## DIRECTIONS
The answer is an exact repetition of every entry, with all images left out.

(Referring expression grounding data)

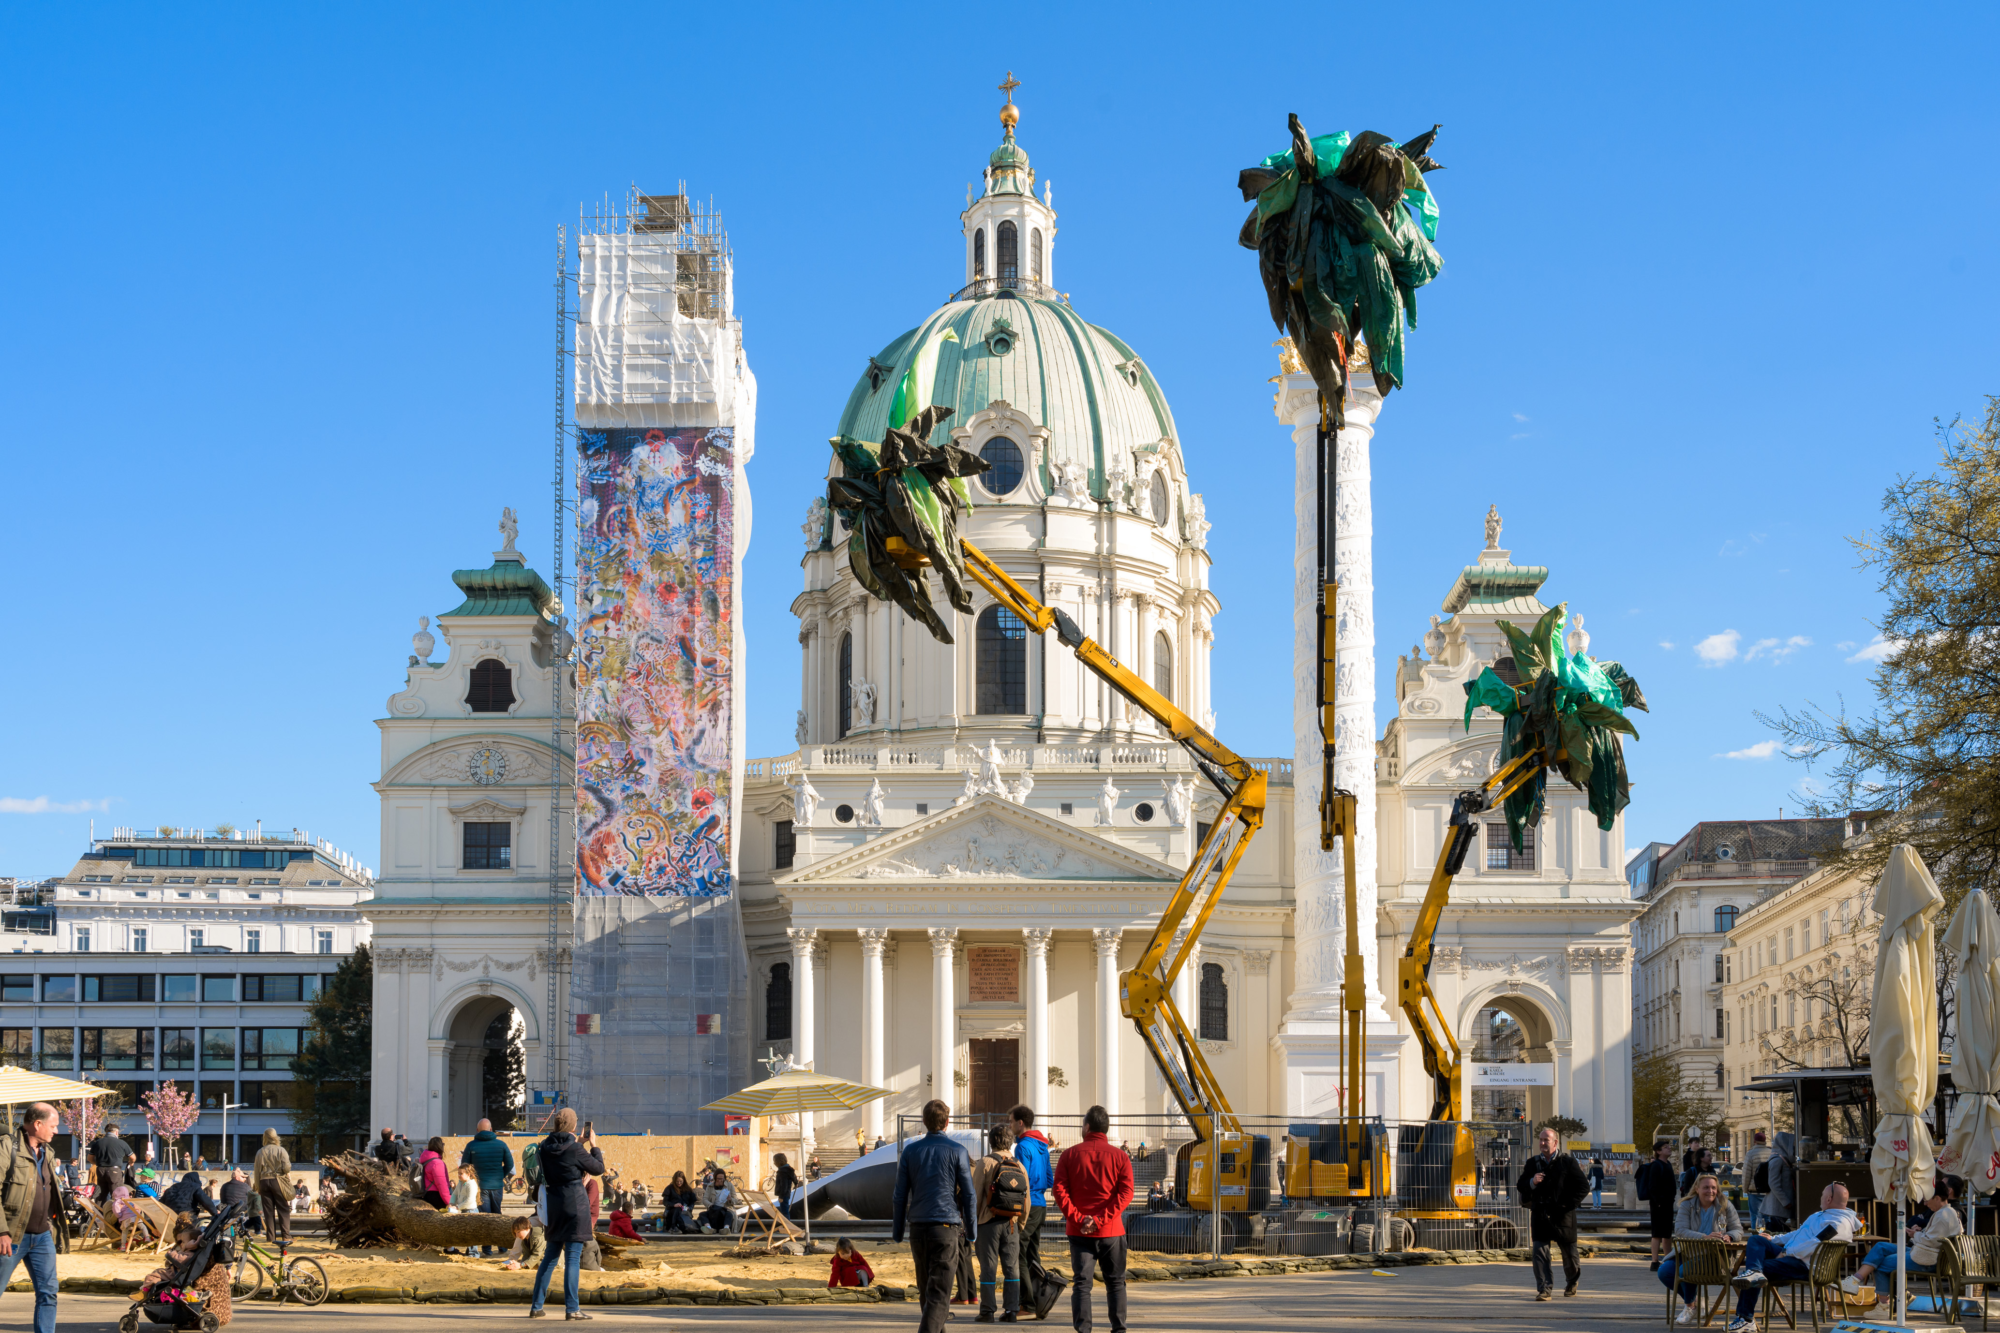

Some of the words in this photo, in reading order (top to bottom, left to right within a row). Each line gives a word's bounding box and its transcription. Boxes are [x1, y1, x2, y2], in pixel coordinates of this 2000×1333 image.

[1094, 646, 1110, 661] SIGMA
[1194, 725, 1213, 743] Haulotte
[805, 902, 838, 914] VOTA
[848, 902, 876, 914] MEA
[886, 902, 937, 914] REDDAM
[947, 902, 959, 914] IN
[1572, 1151, 1599, 1159] VIVALDI
[1604, 1152, 1631, 1160] VIVALDI

## EXERCISE OUTPUT
Some of the words in this photo, in reading order (top to bottom, left to right within a row). Each line gives a word's bounding box and its transcription. Boxes are [x1, y1, x2, y2], in pixel coordinates of this 2000×1333 image.

[1094, 646, 1110, 661] SIGMA
[1194, 725, 1213, 743] Haulotte
[805, 902, 838, 914] VOTA
[848, 902, 876, 914] MEA
[886, 902, 937, 914] REDDAM
[947, 902, 959, 914] IN
[1572, 1151, 1599, 1159] VIVALDI
[1604, 1152, 1631, 1160] VIVALDI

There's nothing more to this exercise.